- Records
####################

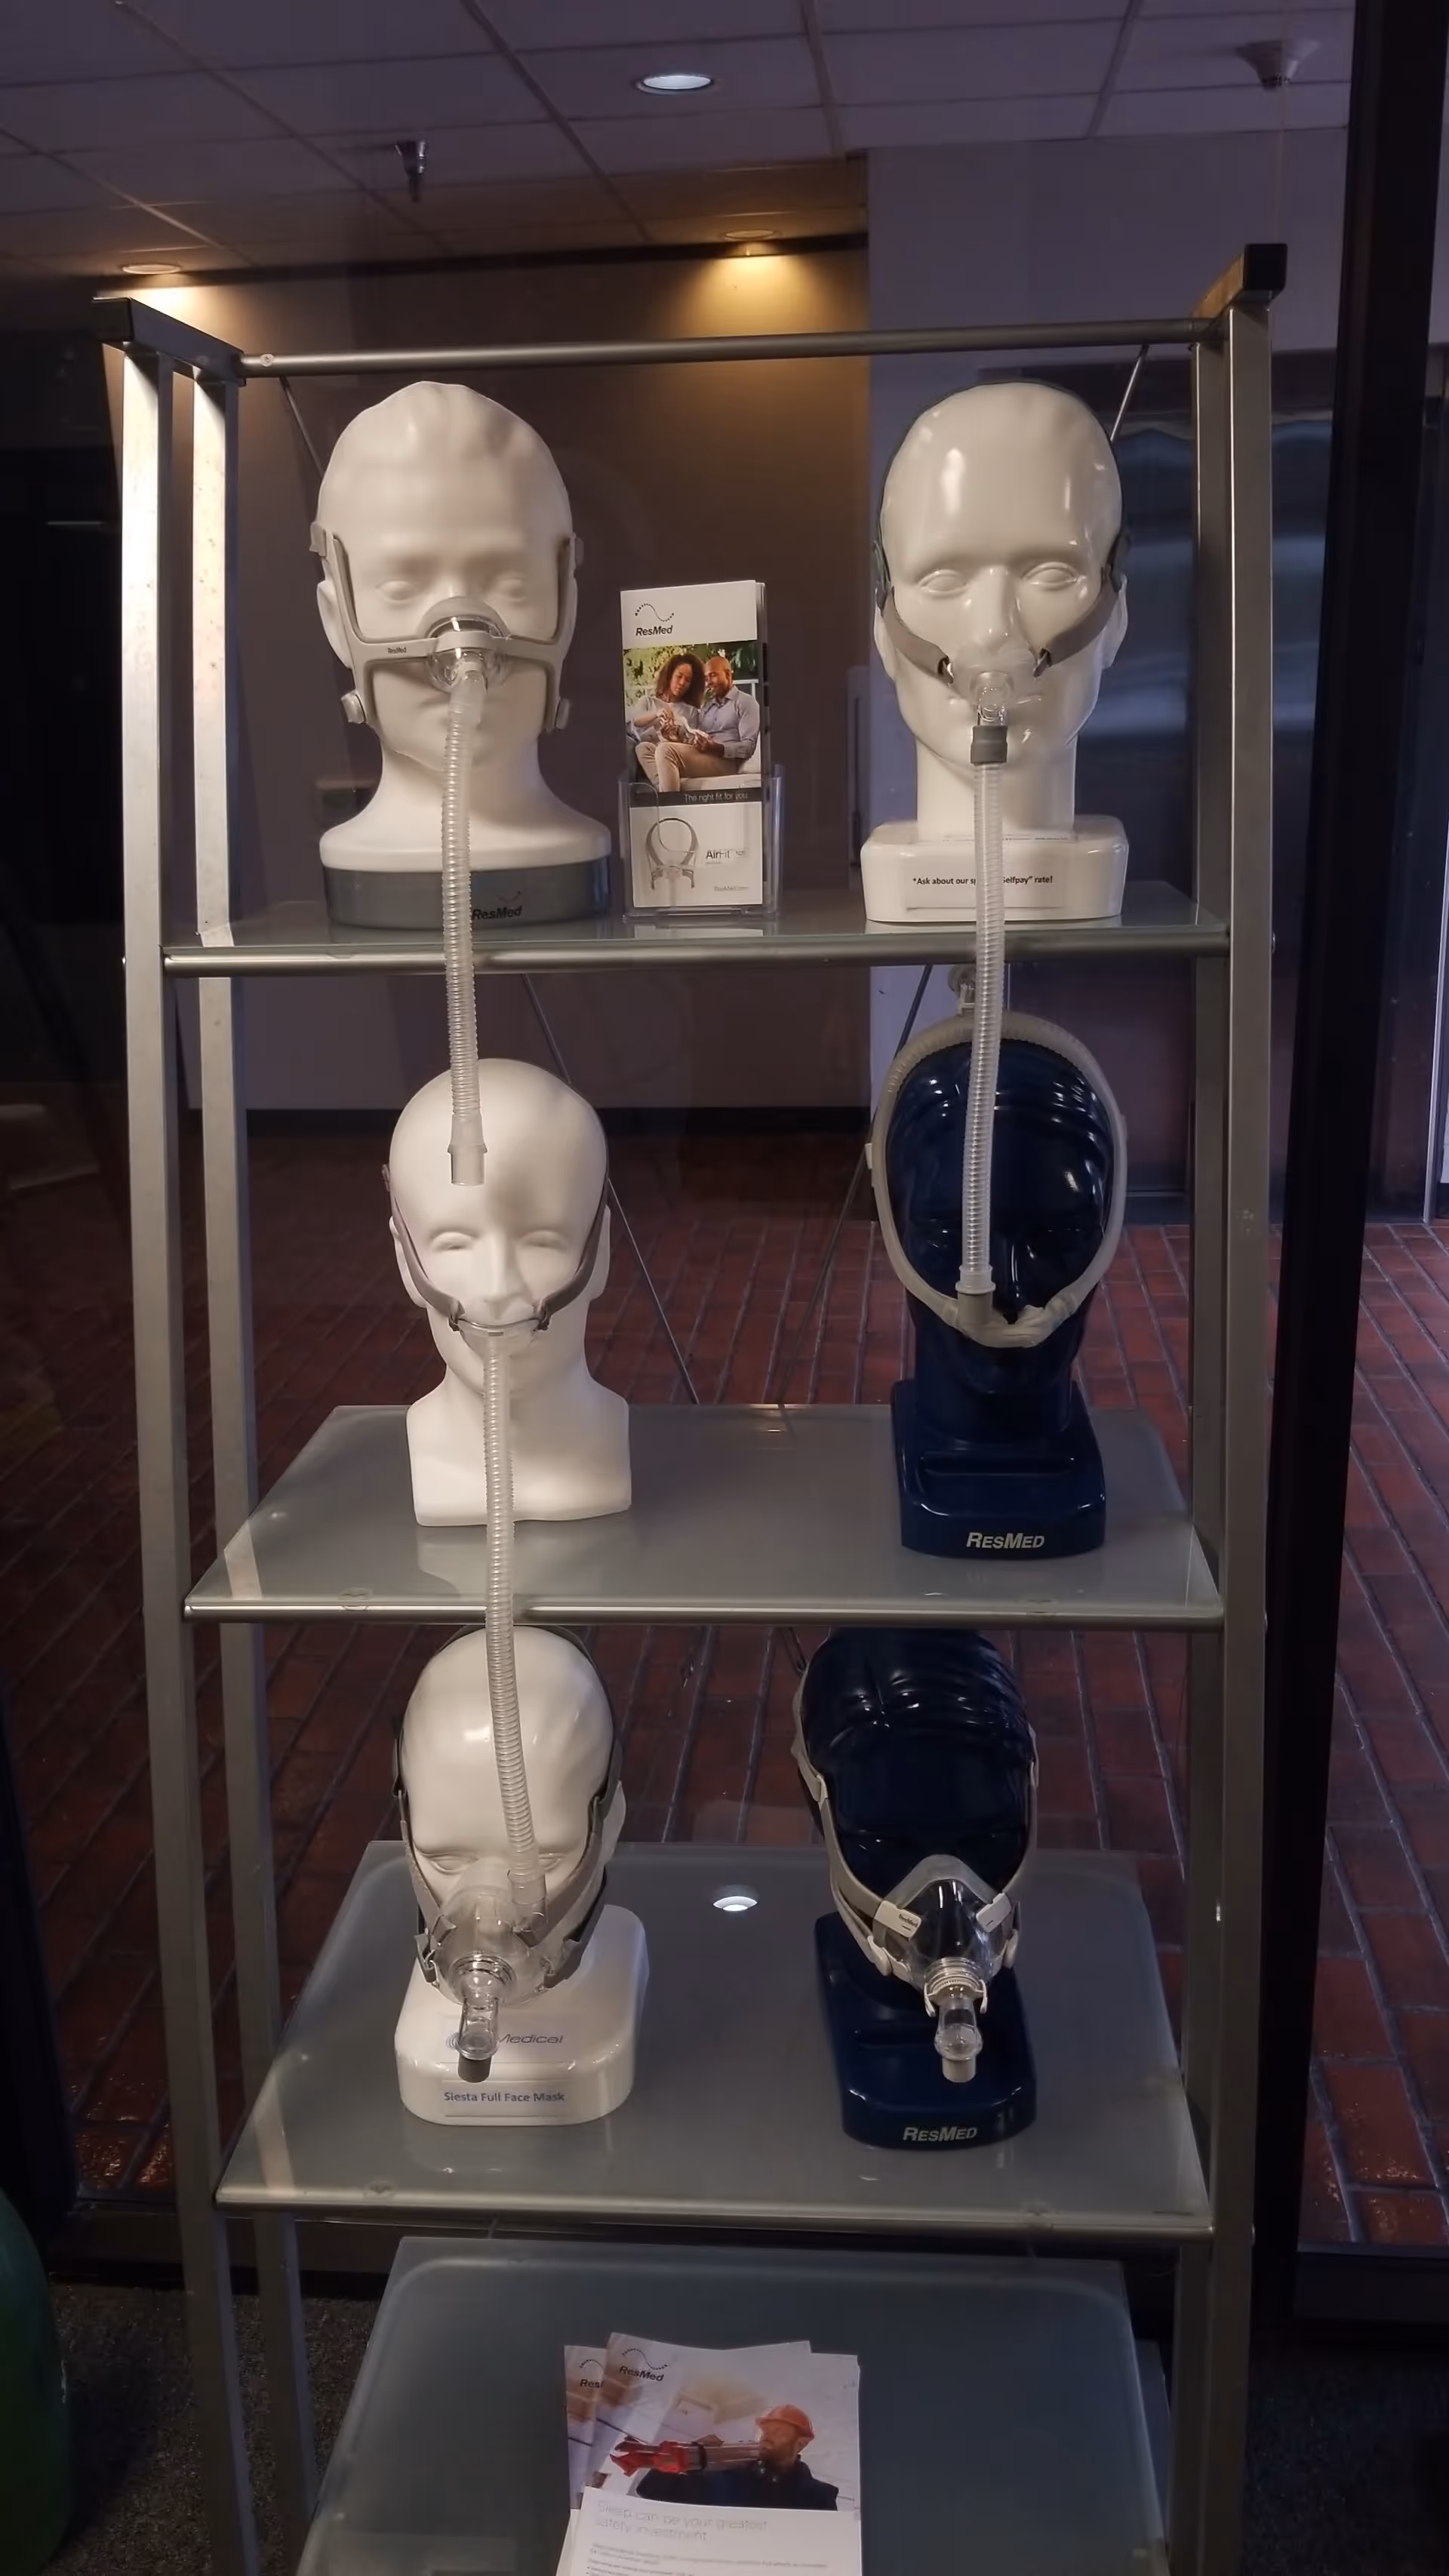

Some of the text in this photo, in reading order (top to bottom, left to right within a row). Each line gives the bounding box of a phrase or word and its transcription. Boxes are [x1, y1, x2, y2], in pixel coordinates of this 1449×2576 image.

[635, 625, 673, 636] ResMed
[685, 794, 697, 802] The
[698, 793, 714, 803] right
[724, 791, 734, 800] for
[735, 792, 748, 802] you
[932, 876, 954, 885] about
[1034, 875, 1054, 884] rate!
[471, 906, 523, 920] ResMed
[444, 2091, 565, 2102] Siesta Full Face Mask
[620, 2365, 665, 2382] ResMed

####################

- Task instructions
Without the pictures, retype the whole of the material above exactly.

- Task answer
Some of the text in this photo, in reading order (top to bottom, left to right within a row). Each line gives the bounding box of a phrase or word and its transcription. Boxes are [x1, y1, x2, y2], in pixel coordinates of this 1449×2576 image.

[635, 625, 673, 636] ResMed
[685, 794, 697, 802] The
[698, 793, 714, 803] right
[724, 791, 734, 800] for
[735, 792, 748, 802] you
[932, 876, 954, 885] about
[1034, 875, 1054, 884] rate!
[471, 906, 523, 920] ResMed
[444, 2091, 565, 2102] Siesta Full Face Mask
[620, 2365, 665, 2382] ResMed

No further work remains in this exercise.